Members met in an HTML chat room on Sunday evenings and "did church" together with what Henderson called an "intimacy" that allowed people to open up and be real with one another.

Digital communities also render proximity secondary to affinity.

When I was serving as an associate dean of religious life at Princeton University, a Buddhist student needed to go home for a semester to West Virginia, where she didn't have a community that shared her spiritual practice.

An online group of like-minded Buddhists in New York City allowed her to join them for weekly meditation, download the teachings and assuage her sense of alienation.

Online communities can sometimes even meet spiritual needs in ways that in-person congregations fall short.

Early in her career, Christian theologian Deanna Thompson had nothing but disdain for the internet.

But when she got a very serious form of cancer, her brother created a page for her on the online community site Caring Bridge, where people could support her and get updates on her treatment.

In her book "The Virtual Body of Christ in a Suffering World," Thompson wrote that her internet community was more "there for her" than her local church.

"I started to realize," Thompson wrote, "I was being surrounded by a cloud of witnesses greater than any I could have imagined before. ... I've been awakened to a new — indeed, almost mystical — understanding of the church universal, mediated through what I've come to call the virtual body of Christ."

In some small way I understand what Thompson means.

My network on Facebook often feels more like a prayer circle, and Instagram posts offer me inspiration, religious and secular alike.

My religious friends on Twitter offer Bible commentary, teach from the Torah and offer wisdom from their Sikh, Hindu, Buddhist and Muslim traditions.

The ability to learn and commune with people of other faith traditions online is almost unending.

Of course, for many, and perhaps most, of us, virtual contact isn't sufficient — especially for those who live alone, are single or simply get fed by the presence of others.

An avatar doesn't replace human touch, smell or the voices of a crowd.

Virtuality doesn't always overcome the screen.

The online world can also be fraught and even dangerous for those seeking spiritual sustenance.

The ability to delete, unfriend, and unfollow those who do not agree with our theology or politics can make online communities fragile, or ultimately isolating.

Hate too often flourishes unchecked in the digital world.

Fear is promulgated and violence is promoted against individuals and entire communities.

But religion has always existed outside of our physical bounds, and good people need to act against the evil of anti-Semitism, Islamophobia, racism, misogyny and targeting of vulnerable communities everywhere.

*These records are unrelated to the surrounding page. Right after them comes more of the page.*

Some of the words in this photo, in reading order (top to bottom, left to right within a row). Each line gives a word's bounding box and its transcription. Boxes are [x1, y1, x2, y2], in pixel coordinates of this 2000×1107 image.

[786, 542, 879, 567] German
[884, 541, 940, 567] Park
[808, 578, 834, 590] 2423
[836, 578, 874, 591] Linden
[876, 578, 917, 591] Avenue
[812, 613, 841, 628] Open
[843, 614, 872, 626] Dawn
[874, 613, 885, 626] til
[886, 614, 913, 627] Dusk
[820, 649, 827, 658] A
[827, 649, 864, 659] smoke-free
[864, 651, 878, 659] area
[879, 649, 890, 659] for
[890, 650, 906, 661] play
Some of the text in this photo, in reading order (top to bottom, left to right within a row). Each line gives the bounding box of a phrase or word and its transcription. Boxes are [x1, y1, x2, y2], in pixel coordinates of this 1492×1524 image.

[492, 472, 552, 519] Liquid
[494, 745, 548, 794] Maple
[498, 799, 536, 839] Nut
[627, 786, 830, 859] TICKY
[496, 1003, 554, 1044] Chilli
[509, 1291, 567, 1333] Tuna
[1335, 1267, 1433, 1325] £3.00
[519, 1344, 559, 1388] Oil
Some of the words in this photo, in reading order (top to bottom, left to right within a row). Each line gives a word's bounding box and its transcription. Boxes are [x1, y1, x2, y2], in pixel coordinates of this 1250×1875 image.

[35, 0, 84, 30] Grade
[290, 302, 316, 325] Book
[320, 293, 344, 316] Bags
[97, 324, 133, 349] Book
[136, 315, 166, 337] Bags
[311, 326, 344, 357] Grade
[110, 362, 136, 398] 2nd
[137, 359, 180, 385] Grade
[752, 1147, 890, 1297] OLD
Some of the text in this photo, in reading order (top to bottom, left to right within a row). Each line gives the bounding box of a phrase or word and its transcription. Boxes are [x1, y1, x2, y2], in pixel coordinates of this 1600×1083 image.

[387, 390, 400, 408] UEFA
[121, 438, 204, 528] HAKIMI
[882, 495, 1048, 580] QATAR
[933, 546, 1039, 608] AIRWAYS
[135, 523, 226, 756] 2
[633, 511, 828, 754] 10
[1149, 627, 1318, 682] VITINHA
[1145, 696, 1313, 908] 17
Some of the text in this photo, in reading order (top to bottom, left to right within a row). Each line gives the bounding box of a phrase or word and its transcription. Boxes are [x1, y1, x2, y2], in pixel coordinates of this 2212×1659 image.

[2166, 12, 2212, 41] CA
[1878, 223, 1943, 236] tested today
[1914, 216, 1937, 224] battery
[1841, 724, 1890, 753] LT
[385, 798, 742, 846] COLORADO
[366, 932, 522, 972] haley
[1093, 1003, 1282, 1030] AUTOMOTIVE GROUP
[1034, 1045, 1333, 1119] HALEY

My deepest prayer is that in the coming years, people of good faith will commit to redeeming the internet for good.

Perhaps the millions of faithful turning in these fearful days to digital spaces for spiritual community might demand that the internet be that for them.

I don't long for a world when my religious practice is purely online.

Certainly, we can't share Eucharist or other traditional rituals online. This crisis, too, demands that we show up for one another in person in brave ways.

But being forced into "social distancing" doesn't mean we can't be present and be a blessing to one another in new ways that digital technology allows.

The most important quality that any religious community can offer is love and comfort in times of sorrow and celebration and gratitude in times of joy.

The resources of the internet can allow us to continue our faith traditions by praying and caring for one another during this time of great need and the other crises that are sure to come.

  • Rev. Paul Brandeis Raushenbush, a Baptist minister, is senior adviser for public affairs and innovation at Interfaith Youth Core and former president of the Association for College and University Religious Affairs.